ARM did at least make some attempt to document the valid settings, but looking at the real JSON files shows that there were many more undocumented ones that are not mentioned in those pages. When you factor in that the way the config system merges JSONs means that target JSON attributes can be put in mbed_app.json and will "work" (though they might override other attributes!), and the fact that it has never issued warnings for unknown/unrecognized attributes, AND the fact that all of this stuff was JSON until recently and didn't allow comments, you get... a system made almost radioactive by a decade of cruft that no one wants to change for fear of breaking something.

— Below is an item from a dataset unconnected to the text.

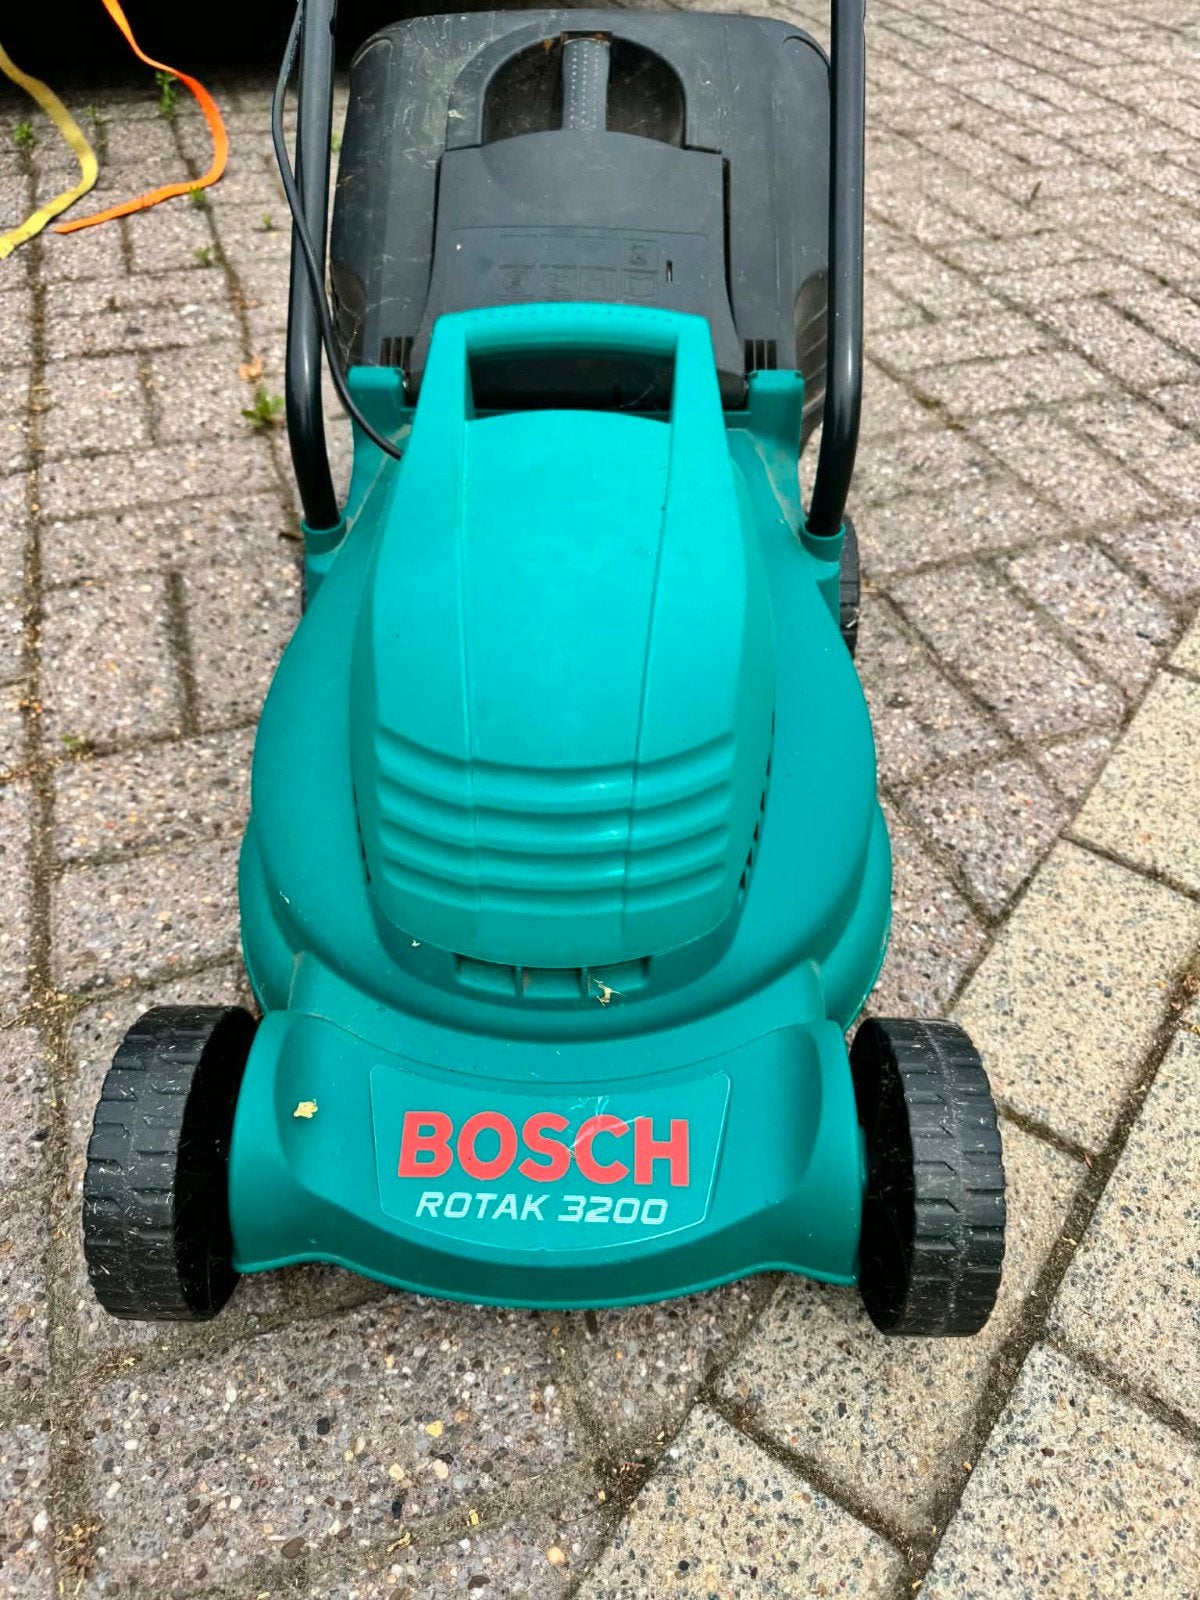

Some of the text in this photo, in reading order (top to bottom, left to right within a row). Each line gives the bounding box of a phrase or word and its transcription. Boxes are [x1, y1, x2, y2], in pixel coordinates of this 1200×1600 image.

Even to relatively seasoned users, like me a few years ago, there were plenty of JSON settings that seemed like borderline magic incantations -- you put em in and something happens but you have no idea why,

Well, I am here to tell you that this ends today. Well, mostly. I've had the pleasure of using pydantic at my day job, and it's a super cool library -- it basically lets you define a schema for structured data as a python class, and then use that schema to parse, validate, and dump data. Me, and @VictorWTang as well, thought that this would be a great use for it.

For this PR, I read through many, many existing JSON files as well as nearly all the existing config code, and reverse engineered a schema for all of Mbed's JSON files. This schema should cover the large, large majority of existing use cases for these files, but removes all the legacy attributes which haven't had meaning since Mbed CLI 1 was being used. It also provides, at last, real documentation for every single legal field of each JSON file (right now it's in the form of a Python class, but we also have options to convert this to a JSON schema and, from there, markdown docs if we'd like to). Right now, the schema is being enforced for all mbed_lib.json and targets/custom_targets.json files, as these are mostly used only within Mbed, mbed_app.json, meanwhile, is validated against the schema but validation errors only are treated as a warning. This way, compatibility will not be broken for projects using mbed_app.json in unexpected ways.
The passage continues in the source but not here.